TRY IT | Please give the entries again in full and exactly, without any picture.

■ ■ ■ ■ ■ ■ ■

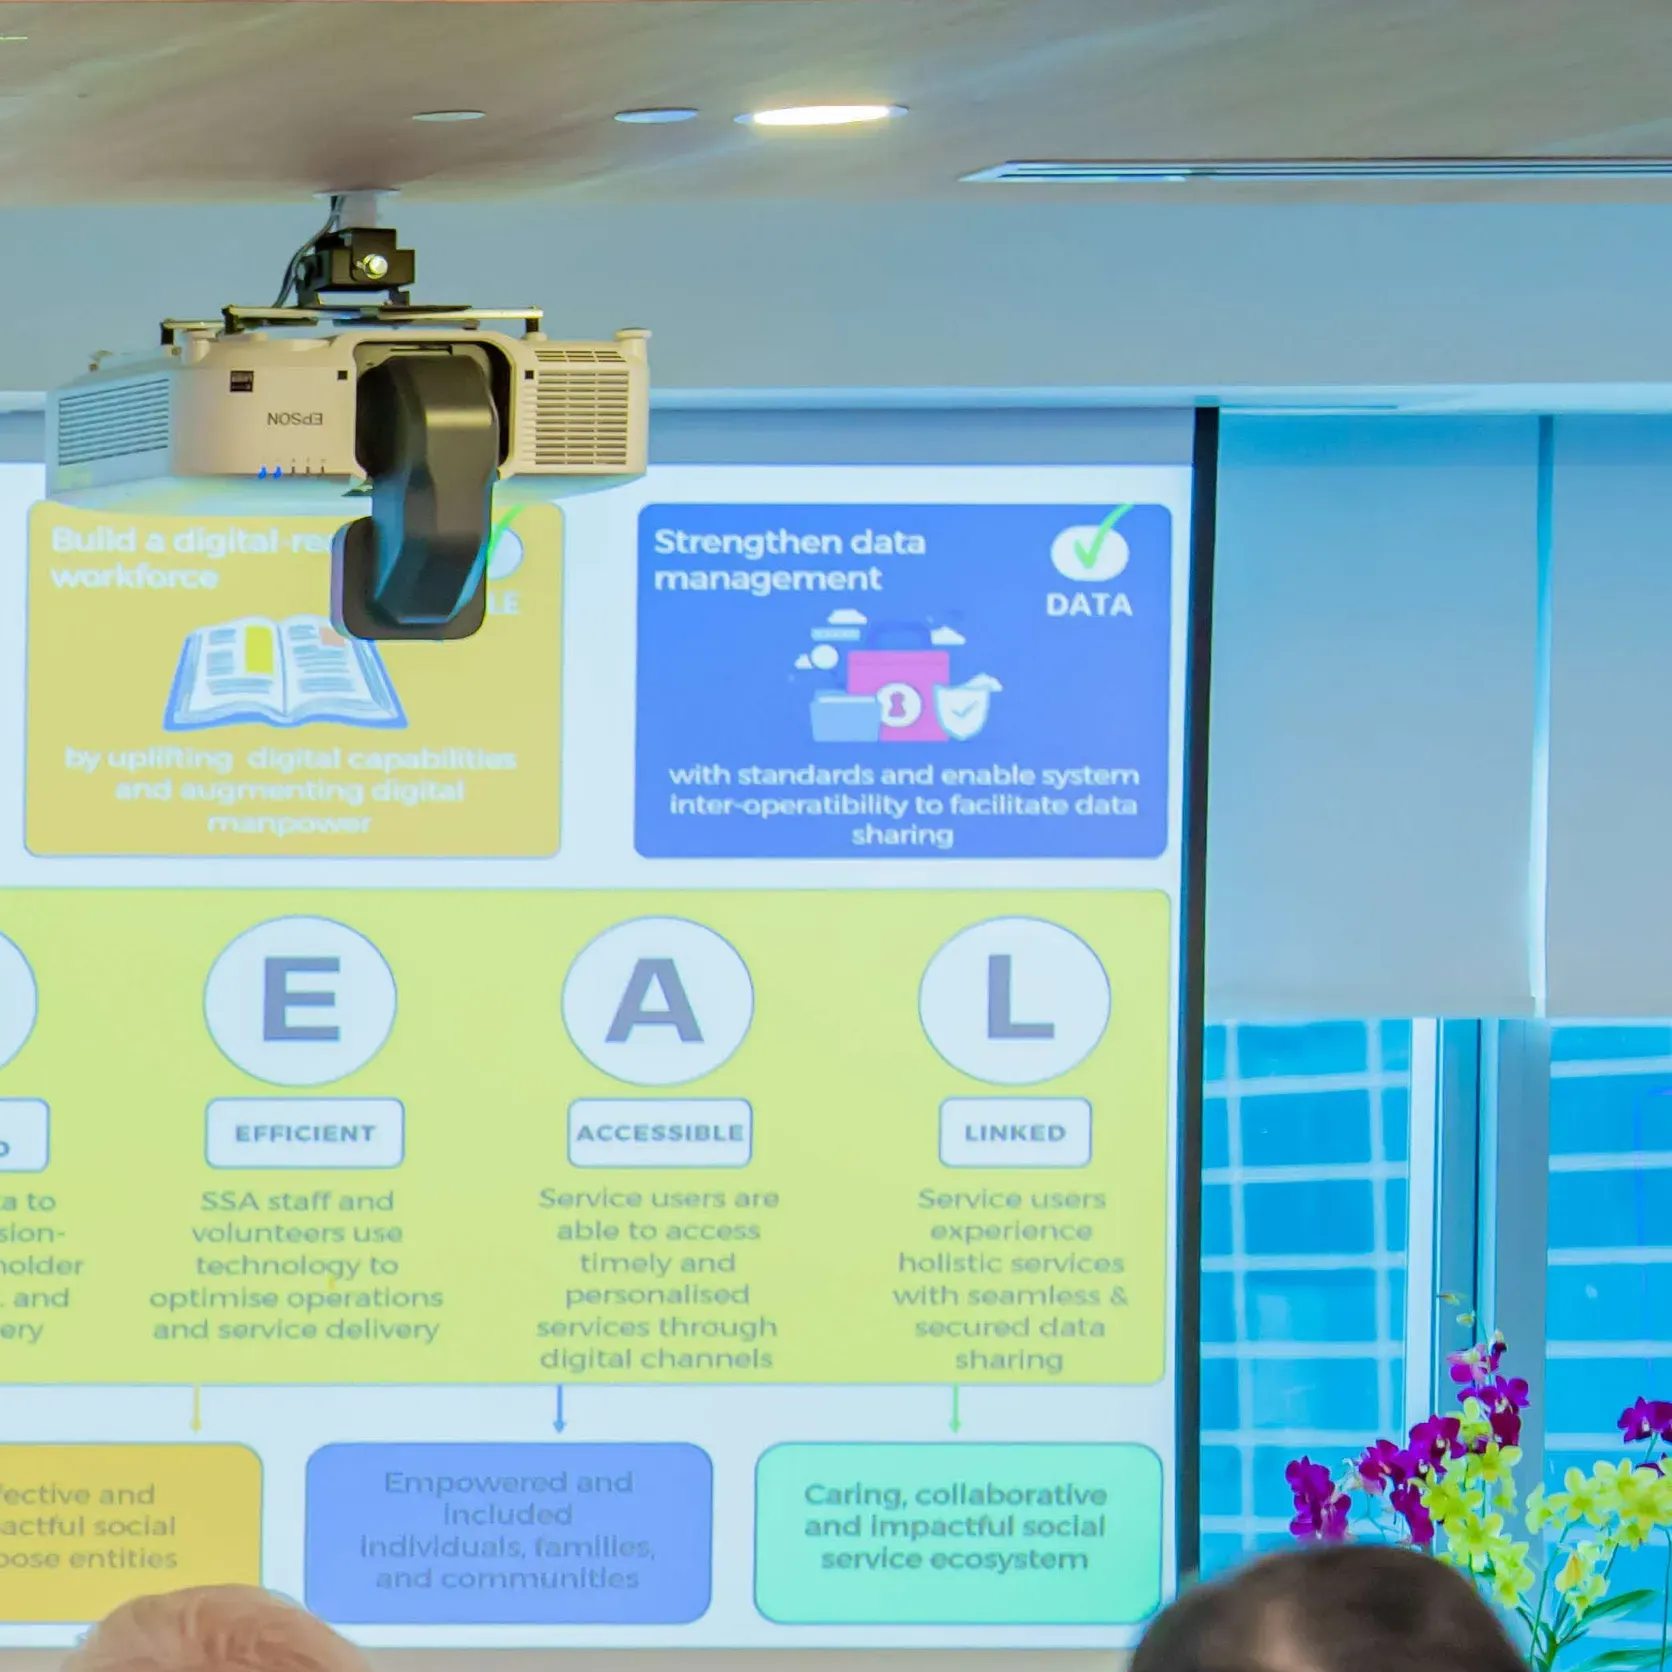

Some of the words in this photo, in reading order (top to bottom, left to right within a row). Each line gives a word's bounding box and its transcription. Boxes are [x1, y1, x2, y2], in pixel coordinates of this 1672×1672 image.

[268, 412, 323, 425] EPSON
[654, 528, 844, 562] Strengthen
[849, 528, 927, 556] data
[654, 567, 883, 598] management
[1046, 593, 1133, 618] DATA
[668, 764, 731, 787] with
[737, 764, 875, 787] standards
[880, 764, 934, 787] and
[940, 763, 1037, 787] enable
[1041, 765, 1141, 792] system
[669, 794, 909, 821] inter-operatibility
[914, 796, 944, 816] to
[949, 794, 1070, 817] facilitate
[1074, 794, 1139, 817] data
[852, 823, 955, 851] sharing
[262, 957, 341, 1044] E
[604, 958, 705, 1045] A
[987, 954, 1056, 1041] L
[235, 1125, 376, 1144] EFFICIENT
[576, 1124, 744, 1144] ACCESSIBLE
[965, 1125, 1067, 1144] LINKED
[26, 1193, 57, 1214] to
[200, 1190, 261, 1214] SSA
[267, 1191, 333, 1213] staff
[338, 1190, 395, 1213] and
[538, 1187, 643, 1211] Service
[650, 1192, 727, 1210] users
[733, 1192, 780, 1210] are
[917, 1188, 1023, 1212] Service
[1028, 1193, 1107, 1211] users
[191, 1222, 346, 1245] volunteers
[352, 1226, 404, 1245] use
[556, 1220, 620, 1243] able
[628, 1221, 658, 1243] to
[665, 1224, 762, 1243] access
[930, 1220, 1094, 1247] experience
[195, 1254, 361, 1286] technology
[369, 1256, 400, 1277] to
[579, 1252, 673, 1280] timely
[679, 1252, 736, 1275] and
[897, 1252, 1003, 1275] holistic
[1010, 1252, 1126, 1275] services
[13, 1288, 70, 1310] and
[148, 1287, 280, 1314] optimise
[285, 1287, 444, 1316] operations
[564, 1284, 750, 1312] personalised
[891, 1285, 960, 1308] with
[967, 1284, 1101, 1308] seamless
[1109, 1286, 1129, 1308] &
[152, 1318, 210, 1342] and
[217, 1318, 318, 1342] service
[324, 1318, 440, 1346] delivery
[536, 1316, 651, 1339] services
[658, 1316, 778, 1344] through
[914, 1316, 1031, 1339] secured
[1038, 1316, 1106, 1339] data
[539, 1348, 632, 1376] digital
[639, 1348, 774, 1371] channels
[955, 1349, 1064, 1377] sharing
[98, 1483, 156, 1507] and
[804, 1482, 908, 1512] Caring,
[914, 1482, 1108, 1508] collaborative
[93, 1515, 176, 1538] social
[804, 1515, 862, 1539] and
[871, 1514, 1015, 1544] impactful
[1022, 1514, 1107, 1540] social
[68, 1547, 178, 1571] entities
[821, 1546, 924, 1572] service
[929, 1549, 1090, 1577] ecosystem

■ ■ ■ ■ ■ ■ ■

ANSWER TO THIS PROBLEM |
Some of the words in this photo, in reading order (top to bottom, left to right within a row). Each line gives a word's bounding box and its transcription. Boxes are [x1, y1, x2, y2], in pixel coordinates of this 1672×1672 image.

[268, 412, 323, 425] EPSON
[654, 528, 844, 562] Strengthen
[849, 528, 927, 556] data
[654, 567, 883, 598] management
[1046, 593, 1133, 618] DATA
[668, 764, 731, 787] with
[737, 764, 875, 787] standards
[880, 764, 934, 787] and
[940, 763, 1037, 787] enable
[1041, 765, 1141, 792] system
[669, 794, 909, 821] inter-operatibility
[914, 796, 944, 816] to
[949, 794, 1070, 817] facilitate
[1074, 794, 1139, 817] data
[852, 823, 955, 851] sharing
[262, 957, 341, 1044] E
[604, 958, 705, 1045] A
[987, 954, 1056, 1041] L
[235, 1125, 376, 1144] EFFICIENT
[576, 1124, 744, 1144] ACCESSIBLE
[965, 1125, 1067, 1144] LINKED
[26, 1193, 57, 1214] to
[200, 1190, 261, 1214] SSA
[267, 1191, 333, 1213] staff
[338, 1190, 395, 1213] and
[538, 1187, 643, 1211] Service
[650, 1192, 727, 1210] users
[733, 1192, 780, 1210] are
[917, 1188, 1023, 1212] Service
[1028, 1193, 1107, 1211] users
[191, 1222, 346, 1245] volunteers
[352, 1226, 404, 1245] use
[556, 1220, 620, 1243] able
[628, 1221, 658, 1243] to
[665, 1224, 762, 1243] access
[930, 1220, 1094, 1247] experience
[195, 1254, 361, 1286] technology
[369, 1256, 400, 1277] to
[579, 1252, 673, 1280] timely
[679, 1252, 736, 1275] and
[897, 1252, 1003, 1275] holistic
[1010, 1252, 1126, 1275] services
[13, 1288, 70, 1310] and
[148, 1287, 280, 1314] optimise
[285, 1287, 444, 1316] operations
[564, 1284, 750, 1312] personalised
[891, 1285, 960, 1308] with
[967, 1284, 1101, 1308] seamless
[1109, 1286, 1129, 1308] &
[152, 1318, 210, 1342] and
[217, 1318, 318, 1342] service
[324, 1318, 440, 1346] delivery
[536, 1316, 651, 1339] services
[658, 1316, 778, 1344] through
[914, 1316, 1031, 1339] secured
[1038, 1316, 1106, 1339] data
[539, 1348, 632, 1376] digital
[639, 1348, 774, 1371] channels
[955, 1349, 1064, 1377] sharing
[98, 1483, 156, 1507] and
[804, 1482, 908, 1512] Caring,
[914, 1482, 1108, 1508] collaborative
[93, 1515, 176, 1538] social
[804, 1515, 862, 1539] and
[871, 1514, 1015, 1544] impactful
[1022, 1514, 1107, 1540] social
[68, 1547, 178, 1571] entities
[821, 1546, 924, 1572] service
[929, 1549, 1090, 1577] ecosystem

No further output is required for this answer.